Seems that every 5th floor down I reach an elevator that can take me back to the entrance and then I'm pretty much done for the day. All these slimes are chipping away at my health and hitting rocks is exhausting! So the next morning I'll water the crops, run across town to the blacksmith to get my geodes cracked, donate any new treasure to the museum, then race back to the mine to pick up where I left off.
SATURDAY, 6TH OF SPRING.
The next day I found Clint the blacksmith waiting outside my front door with furnace blueprints! Now I can smelt the copper ore I've been finding in the mine for use in crafting, construction, and upgrades... just as soon as I collect the 20 copper ore and 25 stone to make the thing.
Also it's harvest time for my parsnips at last! I can stick them in the sell box and then tomorrow I'll get the money I need to buy more parsnip seeds. And the eternal cycle of parsnips continues, at least for three more weeks. They only grow in spring you see. Plus they apparently grow better when crows aren't eating them so I have to add 'scarecrow' to my list of things to craft.
I've also got a new objective in my journal: build a coop to raise chickens. I'll be sure to get right on that just as soon as I'm rich.
This is weird. On my way to the blacksmith to crack open my geodes I ran into the mayor who dragged me into a cutscene. He unlocked the old community centre and showed me what a wreck it is, completely oblivious to the weird creatures popping in and out of existence, freaking my hero out.
I found a mysterious shiny tile here but it's written in a language I can't understand, so I guess this is something that'll make more sense later.
This time I made it down to floor 10 of the mine and found a treasure chest waiting there for me containing... leather boots. Well I suppose they're very practical for a farmer.
Plus I killed 10 slimes along the way so now I'm allowed entry to the adventurer's guild, where I can buy a wooden sword. Because even that's better than this crap I'm carrying now (I hope... it doesn't actually let me compare stats on the shop screen).
It's getting late though, so I have to get back home again now to sleep and wake up and water the crops and etc. I don't actually mind watering a dozen or so squares individually all that much, it's the minute-long hike back to the farm in the dark that's draining my will to keep playing.
Hey I got a level up... in farming. It hasn't raised my health or made me any better with a blade but I'm a badass with a watering can now. Plus I can craft new stuff! I can level up in fighting etc. as well but those are improved separately.
I finally built that furnace, stuck 5 copper ore and a bit of coal in there, and now I guess I have to wait. Somehow I figured it'd instantly spit out a copper bar, because I'm an idiot who apparently hasn't noticed how everything in this game works yet.

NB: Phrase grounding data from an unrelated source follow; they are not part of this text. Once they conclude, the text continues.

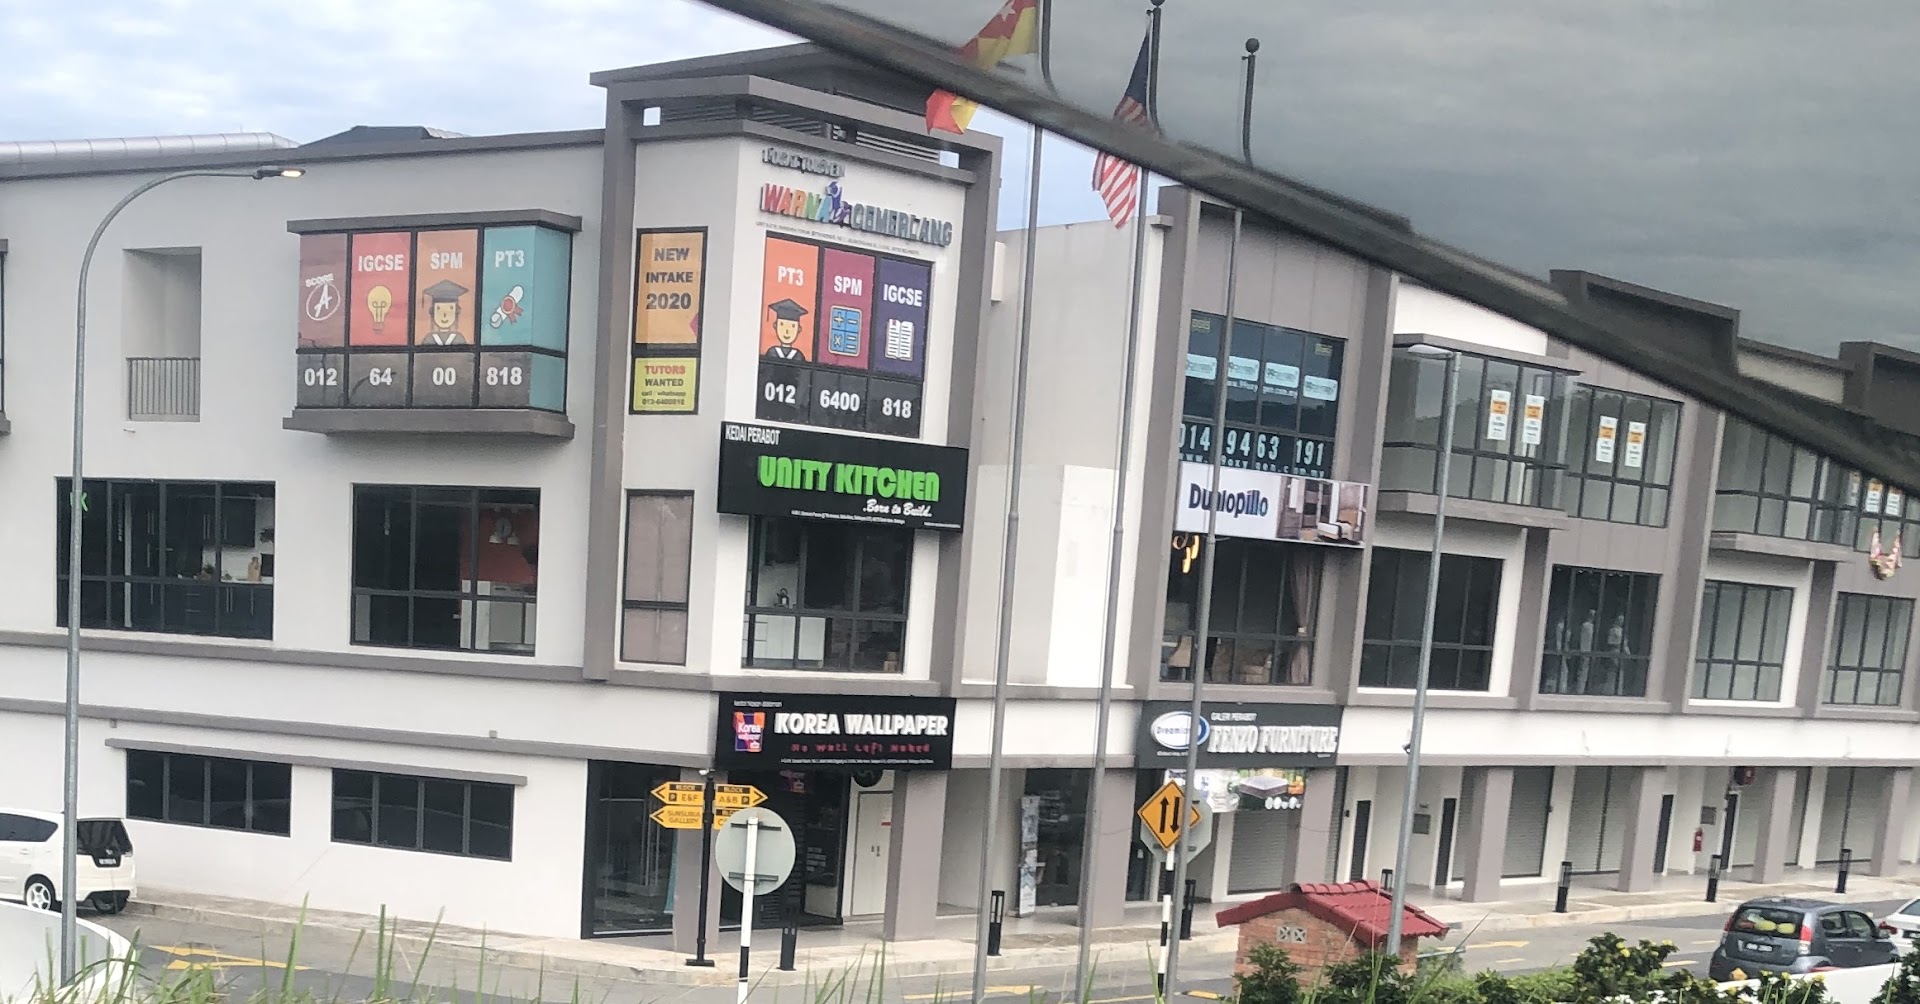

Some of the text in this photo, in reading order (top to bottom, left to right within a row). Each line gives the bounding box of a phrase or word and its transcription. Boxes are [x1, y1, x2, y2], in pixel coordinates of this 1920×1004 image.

[760, 183, 833, 223] WARNA
[851, 203, 953, 247] CEMERLANG
[358, 254, 404, 272] IGCSE
[430, 252, 463, 270] SPM
[495, 250, 525, 268] PT3
[654, 248, 690, 262] NEW
[305, 273, 335, 287] SCORE
[646, 272, 694, 284] INTAKE
[777, 265, 804, 287] PT3
[834, 275, 863, 297] SPM
[883, 283, 923, 307] IGCSE
[646, 293, 692, 310] 2020
[304, 366, 523, 386] 012 64 00 818
[645, 365, 686, 375] TUTORS
[645, 378, 684, 387] WANTED
[765, 382, 912, 418] 012 6400 818
[725, 424, 781, 445] KEDAI PERABOT
[1295, 439, 1325, 467] 191
[758, 455, 940, 502] UNITY KITCHEN
[891, 504, 902, 515] to
[737, 723, 762, 733] Korea
[774, 712, 948, 736] KOREA WALLPAPER
[1257, 725, 1338, 753] FURNITURE
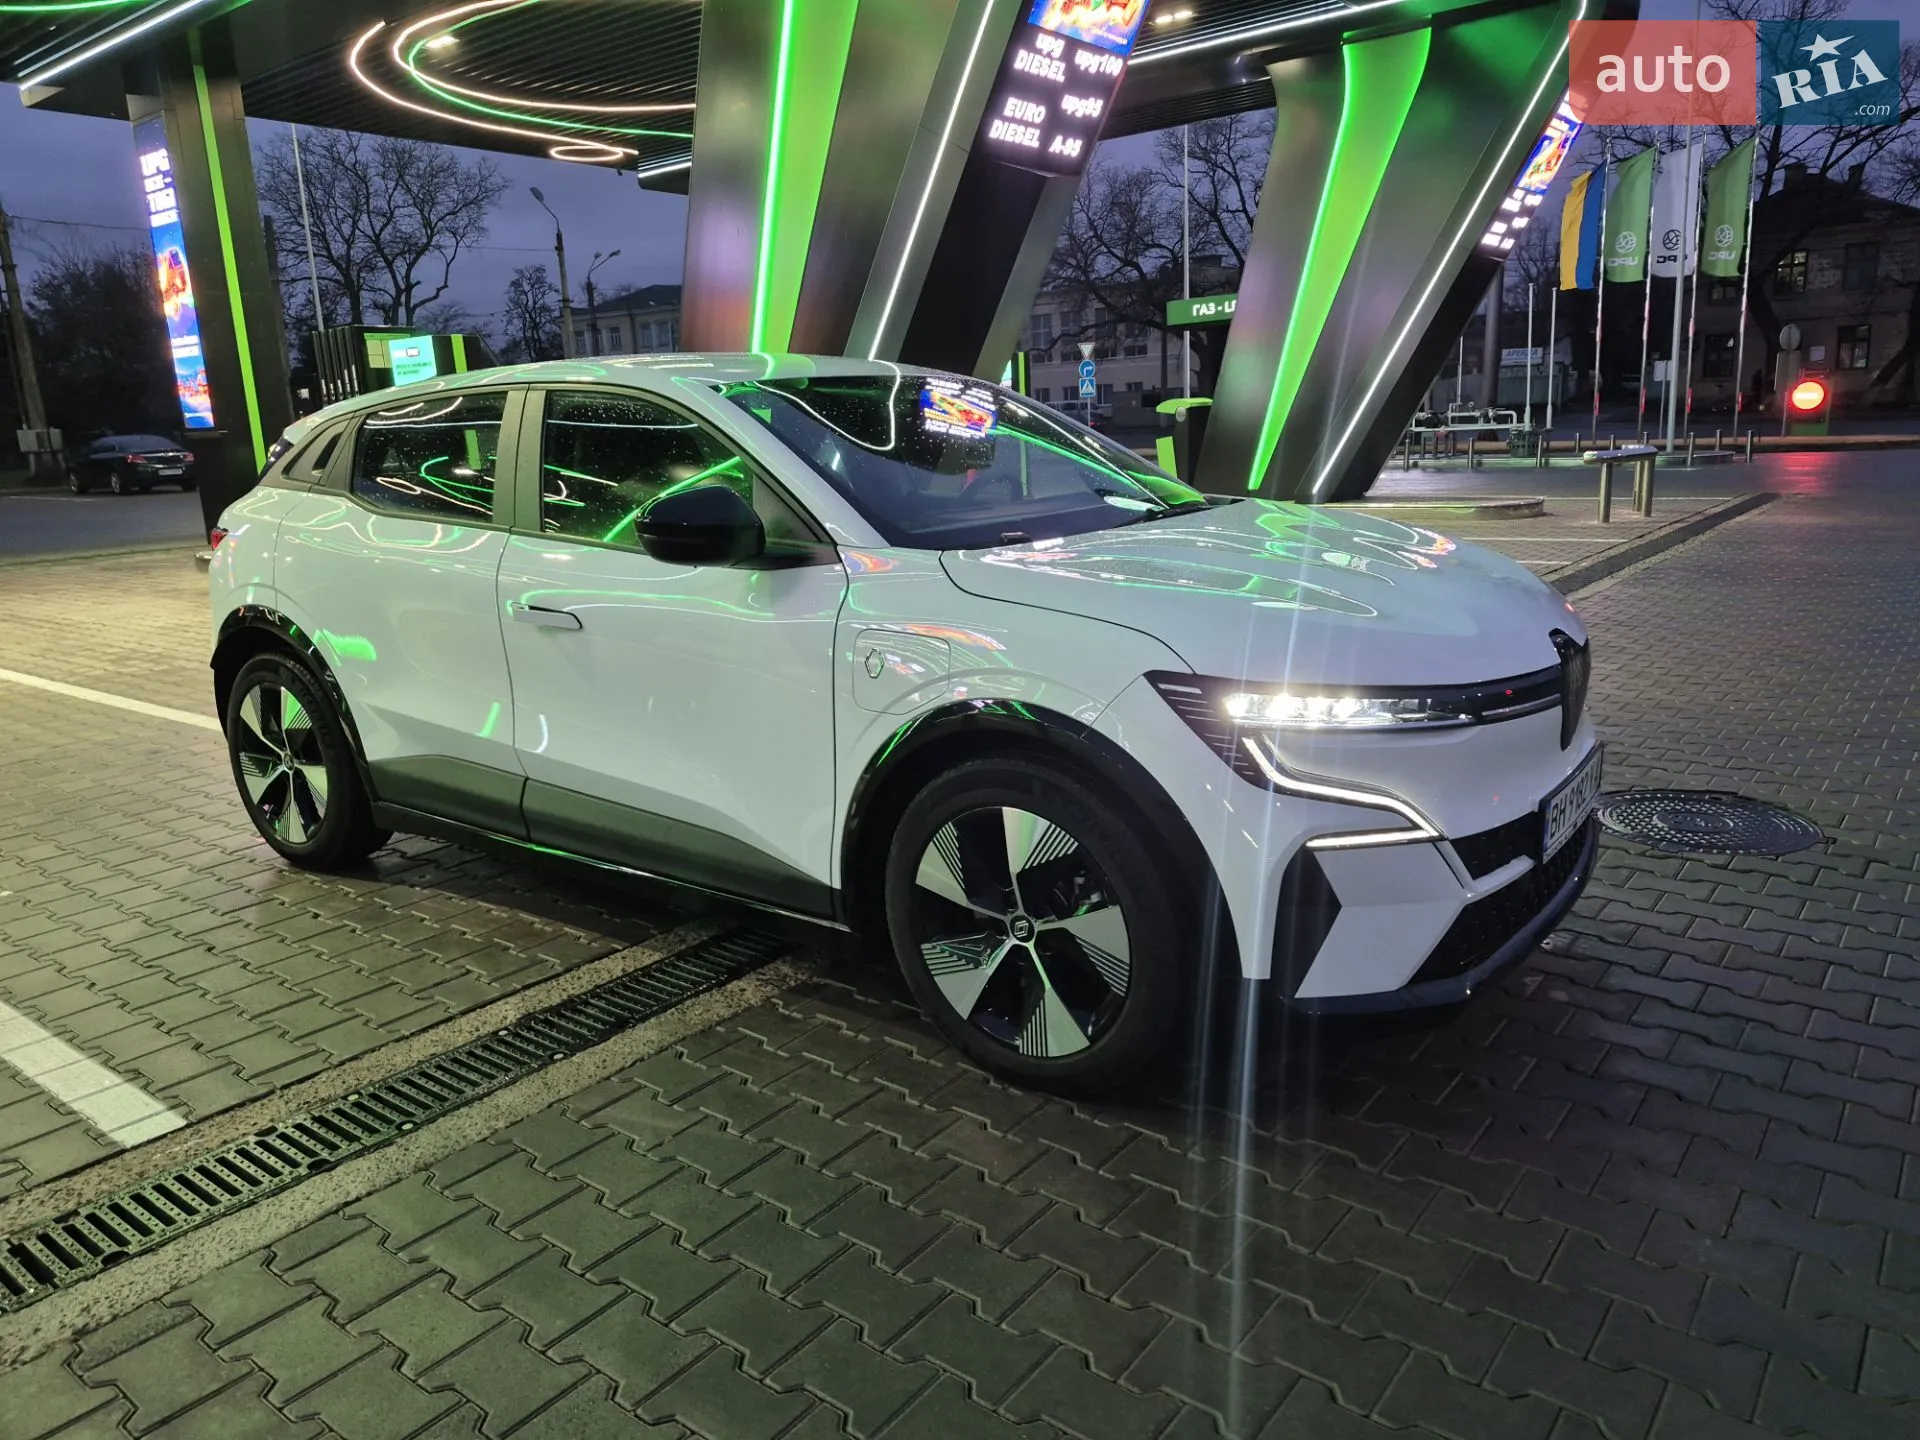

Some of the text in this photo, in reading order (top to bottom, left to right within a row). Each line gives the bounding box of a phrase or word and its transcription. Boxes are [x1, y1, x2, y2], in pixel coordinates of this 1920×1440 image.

[1035, 33, 1065, 59] upg
[1013, 49, 1066, 83] DIESEL
[1074, 49, 1124, 77] upg100
[1003, 96, 1046, 125] EURO
[989, 119, 1041, 148] DIESEL
[1192, 302, 1216, 317] ГАЗ

So I left that going, went off to town, cracked more geodes, got more minerals for the museum, and was rewarded with my generosity with cauliflower seeds! These are exactly what I need to fill the gaps in my field now that I've been harvesting parsnips. Then I accidentally watered the museum guy's desk and left for more adventuring!
Oh, plus I got new mail. A letter from the wizard telling me to pay him a visit to discuss the community centre's 'rat problem'. So I guess one of my neighbours is a wizard then.
A cowboy wizard in fact.
Hang on, was he about to say 'Keeper of the sacred chalice of Rixx'? Because that would be a 'Star Trek: The Next Generation' reference, making the game approximately 150% more relevant to my Star Trek 50th anniversary week! Also he's got a purple goatee like 'Deep Space Nine' producer Ira Behr.

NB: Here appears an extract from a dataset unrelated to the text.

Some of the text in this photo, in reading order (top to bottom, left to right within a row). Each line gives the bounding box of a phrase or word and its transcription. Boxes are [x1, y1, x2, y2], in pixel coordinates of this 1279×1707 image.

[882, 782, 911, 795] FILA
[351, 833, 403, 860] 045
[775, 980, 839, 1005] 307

Anyway, the wizard gave me the power of forest magic and now I can use the shiny tiles in the community centre.
The tiles contain a collection of bundles I need to complete! All I need to do is bring the items listed then slot them into the boxes and I get a mysterious reward. For my successful foraging I got 30 seeds, which are much appreciated.
Next I need a parsnip, a potato, a green bean, and a cauliflower, which just happens to be what I'm growing in the garden right now. There's a ton of other bundles here for me to complete but they're all asking for things I just can't get yet.
THURSDAY, 11TH OF SPRING.
Every now and again I pick up quests from the message board or mail box that have me looking for an item to take to someone in exchange for money and their gratitude. The hard bit is finding them afterwards, as everyone's got their routines that change depending on the day and I can't count on finding them at home.
Thankfully with this 250g reward combined with the profits from my farming and mining I'm basically at the point where I can afford that new backpack at last! Double the capacity! Twice the crap I can haul back from the mines! So I've started to store two of everything in my chests (one for quests, one for the community centre bundles).
Speaking of the mines, I'm only up to like floor 14 and it's already kicking my ass. Too many slimes, too many annoying bastard flies! Also I keep trying to aim with the mouse and it doesn't work like that. I attack with the left mouse button, but he swings the sword in the direction I left him facing with the keys.
SOON.
Hey, the town square's full of people celebrating the Egg Festival (known to the rest of the world as Easter). This means I finally have a chance to go around and chat to everyone without time limits or locked doors in my way... and yet I've still only met 25/28 villagers! I really suck at chatting to NPCs.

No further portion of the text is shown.